Link between gut microbiome, diet may reduce risk for health problems
A healthy diet may be linked with gut microbes that correlate with a lower risk for developing conditions including obesity, type 2 diabetes and cardiovascular disease, according to a report published in Nature Medicine.
"This study demonstrates a clear association between specific microbial species in the gut, certain foods, and risk of some common diseases," Andrew T. Chan, MD, MPH, a gastroenterologist, chief of the clinical and translational epidemiology unit at Massachusetts General Hospital, and professor of medicine at Harvard Medical School, said in a press release. "We hope to be able to use this information to help people avoid serious health problems by changing their diet to personalize their gut microbiome."

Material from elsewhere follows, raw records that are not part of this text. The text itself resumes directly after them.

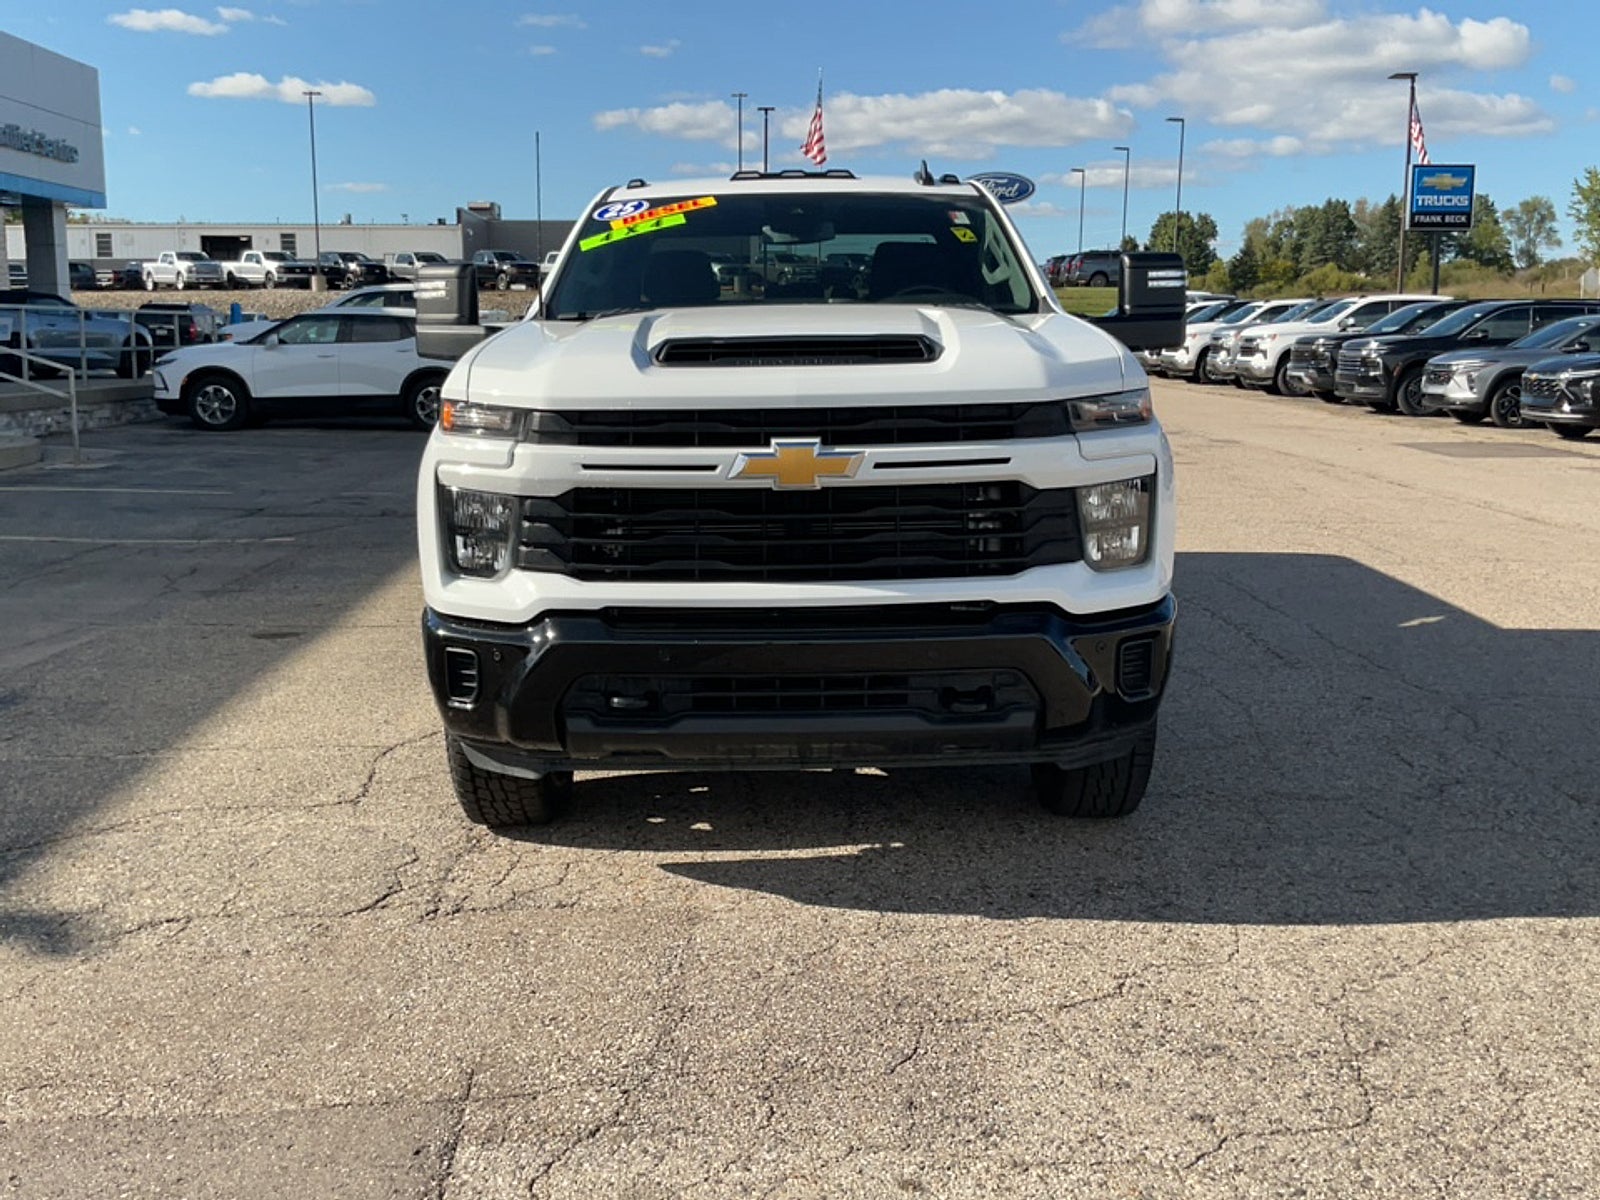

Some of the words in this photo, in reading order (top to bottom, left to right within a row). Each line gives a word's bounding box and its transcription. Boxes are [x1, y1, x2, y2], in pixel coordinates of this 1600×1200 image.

[979, 178, 1020, 197] Ford
[1416, 195, 1469, 206] TRUCKS
[606, 201, 638, 217] 25
[623, 201, 704, 224] DIESEL
[1414, 215, 1442, 223] FRANK
[1444, 215, 1467, 223] BECK

Chan and colleagues performed metagenomic sequencing on 1,098 patients enrolled in the Personalized Responses to Dietary Composition Trial (PREDICT 1). The study included long-term diet information and fasting and same-meal postprandial cardiometabolic blood marker measurements.
Researchers found significant correlations between microbes, specific nutrients, foods, food groups and general dietary indices. They were able to reproduce microbial biomarkers of obesity across external publicly available cohorts and the biomarkers were in agreement with circulating blood metabolites that indicated cardiovascular disease risk.

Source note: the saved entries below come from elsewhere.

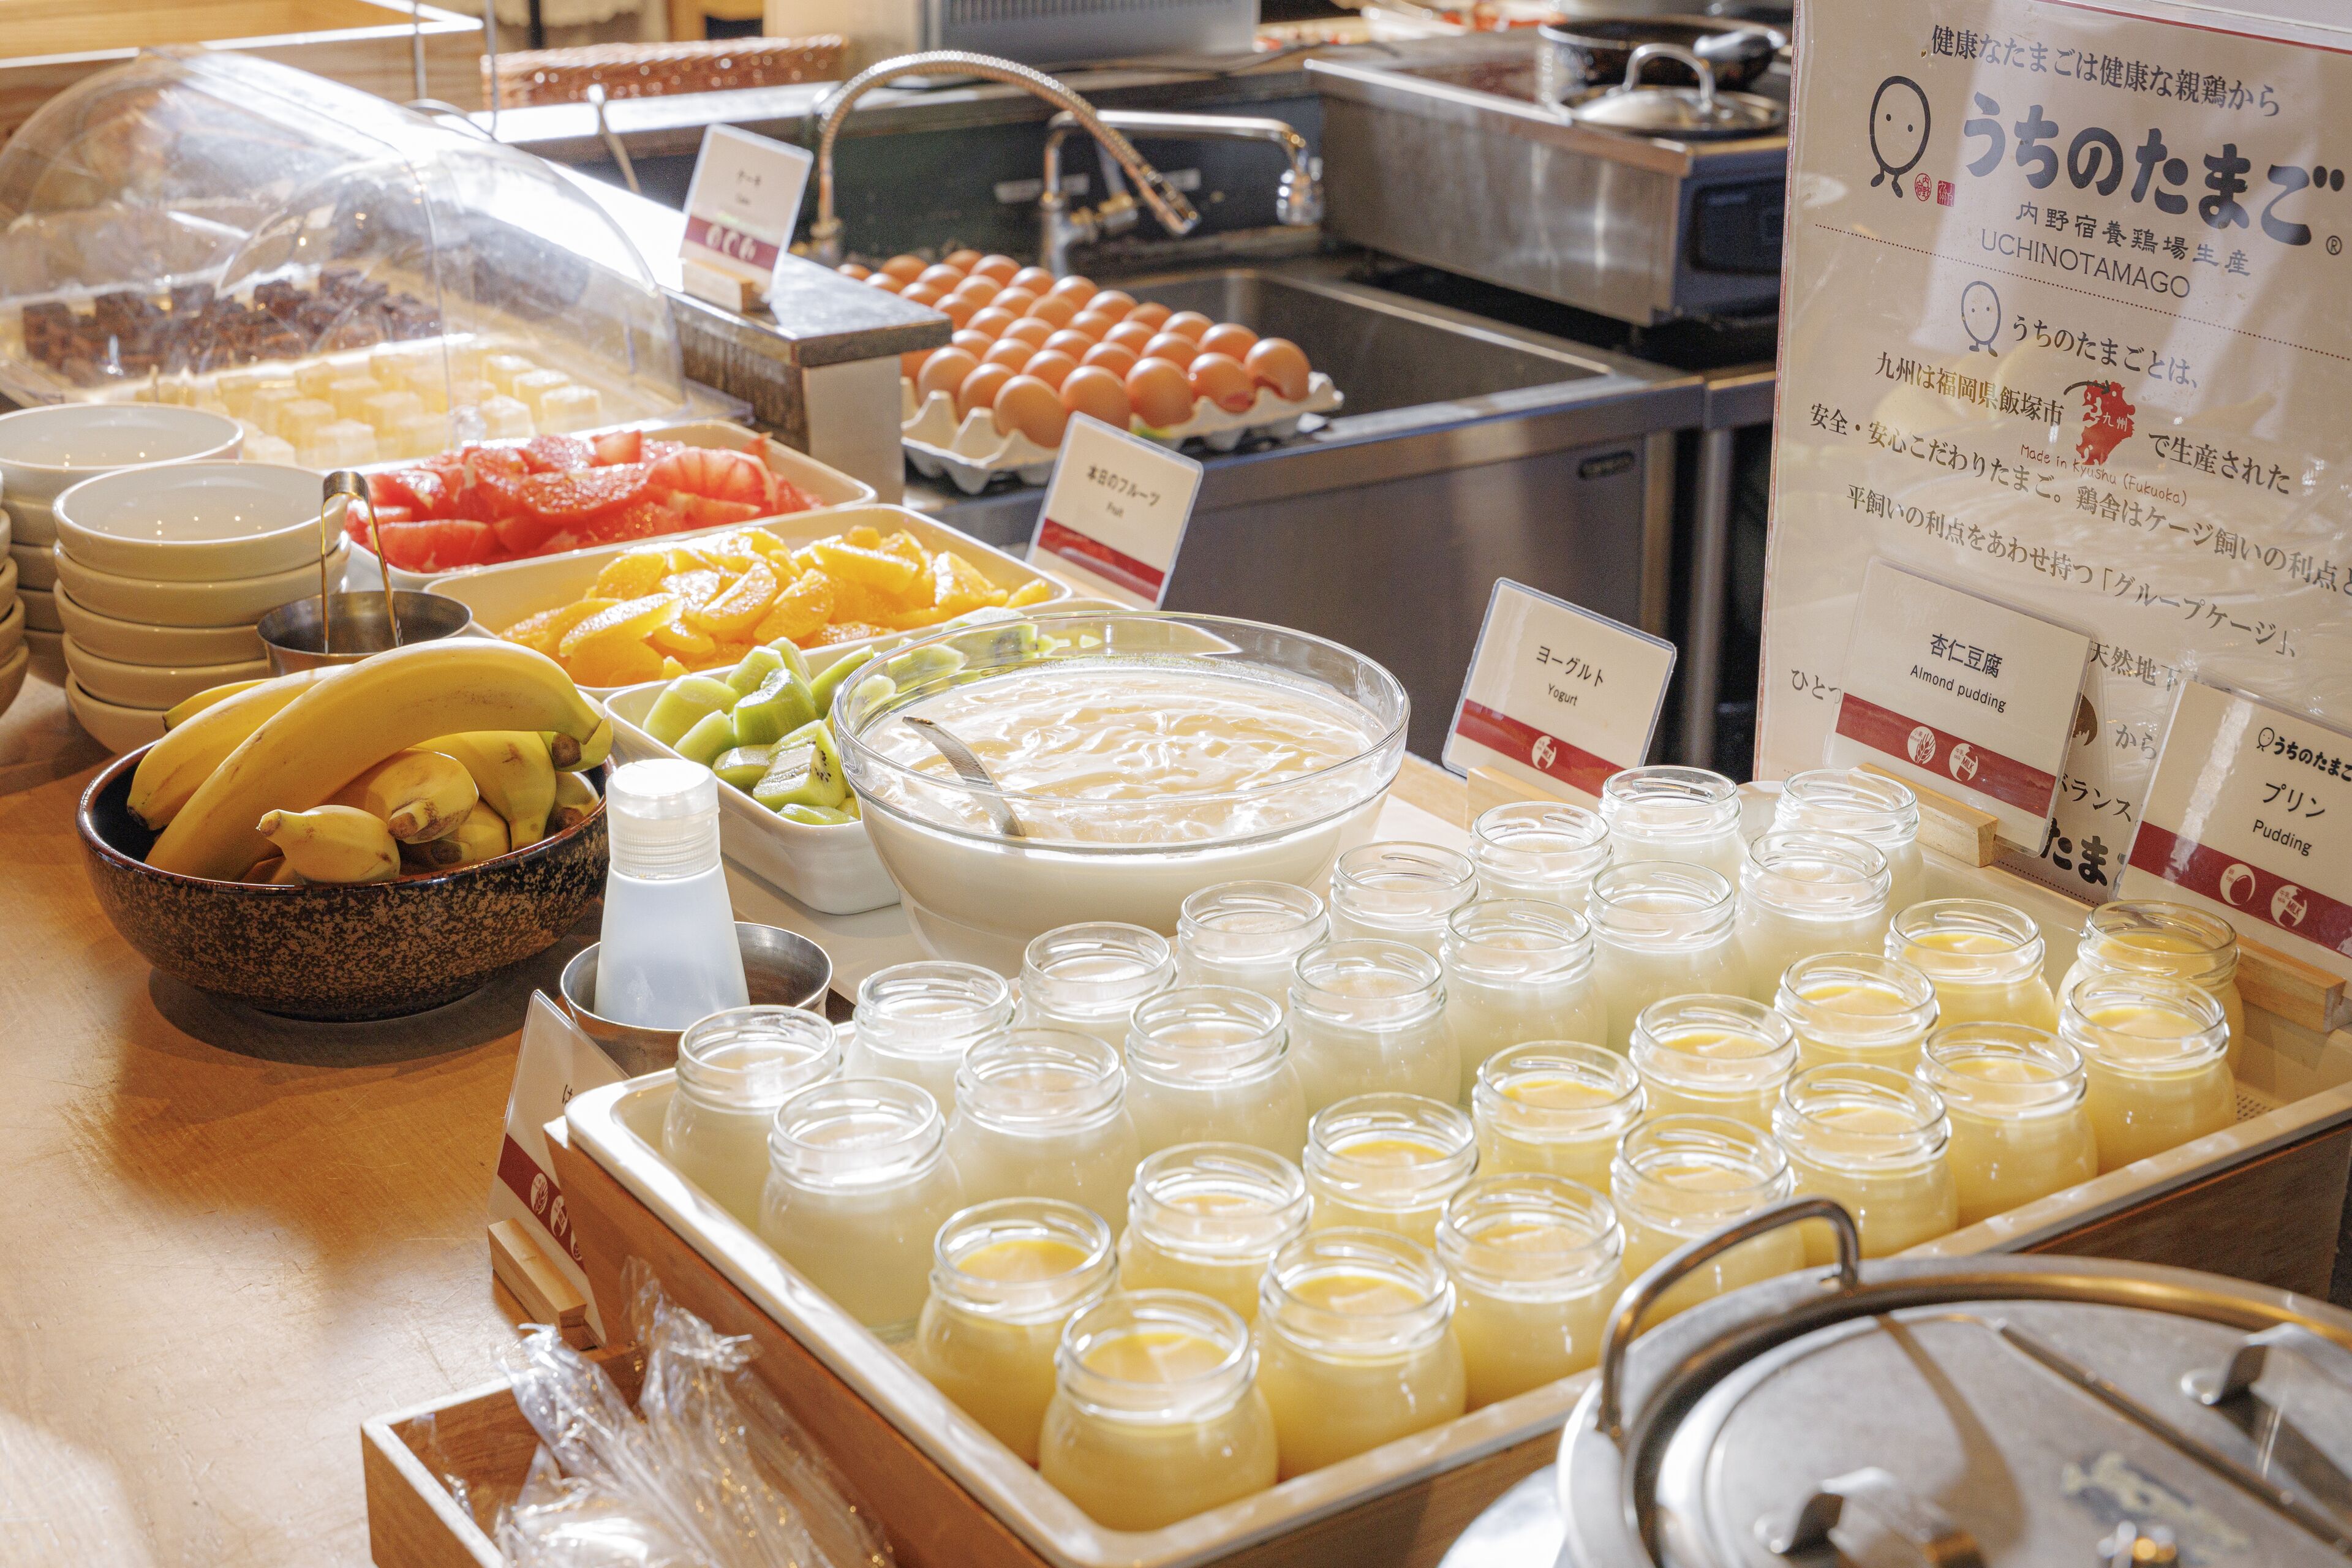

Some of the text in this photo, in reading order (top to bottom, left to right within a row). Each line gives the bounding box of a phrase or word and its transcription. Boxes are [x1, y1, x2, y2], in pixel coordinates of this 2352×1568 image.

[1931, 24, 2280, 116] 健康なたまごは健康な親鶏から
[1964, 91, 2345, 246] うちのたまご
[2016, 201, 2251, 277] 内野宿養鶏場生産
[1981, 228, 2190, 299] UCHINOTAMAGO
[2013, 314, 2198, 389] うちのたまごとは、
[1875, 351, 2290, 495] 九州は福岡県飯塚市 で生産された
[2102, 412, 2128, 432] 九州
[2021, 444, 2051, 464] Made
[2056, 456, 2067, 469] in
[2123, 473, 2187, 507] (Fukuoka)
[1536, 645, 1604, 687] ヨーグルト
[1930, 633, 2003, 678] 杏仁豆腐
[1547, 683, 1578, 706] Yogurt
[1910, 665, 2007, 714] Almond pudding
[1961, 756, 1975, 772] MILK
[2115, 724, 2157, 760] から
[2262, 782, 2326, 818] プリン
[2252, 819, 2313, 857] Pudding

Investigators reported Prevotella copri and Blastocystis spp. were indicators of favorable postprandial glucose metabolism. However, the overall microbiome composition was a predictor for a large panel of cardiometabolic blood markers such as fasting and postprandial glycemic, lipemic and inflammatory indices.

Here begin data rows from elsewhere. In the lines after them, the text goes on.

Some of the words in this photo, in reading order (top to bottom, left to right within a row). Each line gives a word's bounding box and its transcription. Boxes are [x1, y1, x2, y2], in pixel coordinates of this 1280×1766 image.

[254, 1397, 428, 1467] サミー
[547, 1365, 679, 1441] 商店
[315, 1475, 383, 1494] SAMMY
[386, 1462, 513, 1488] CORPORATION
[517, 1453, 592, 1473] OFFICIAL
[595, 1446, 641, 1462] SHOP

According to researchers, the panel of intestinal species correlated with health dietary habits overlap with species correlated with both favorable cardiometabolic and postprandial markers. This demonstrates that the PREDICT 1 study may potentially group the gut microbiome into generalizable health levels in those without clinically manifest disease.
"Studying the interrelationship between the microbiome, diet and disease involves a lot of variables because peoples' diets tend to be personalized and may change quite a bit over time," Chan said. "Two of the strengths of this trial are the number of participants and the detailed information we collected."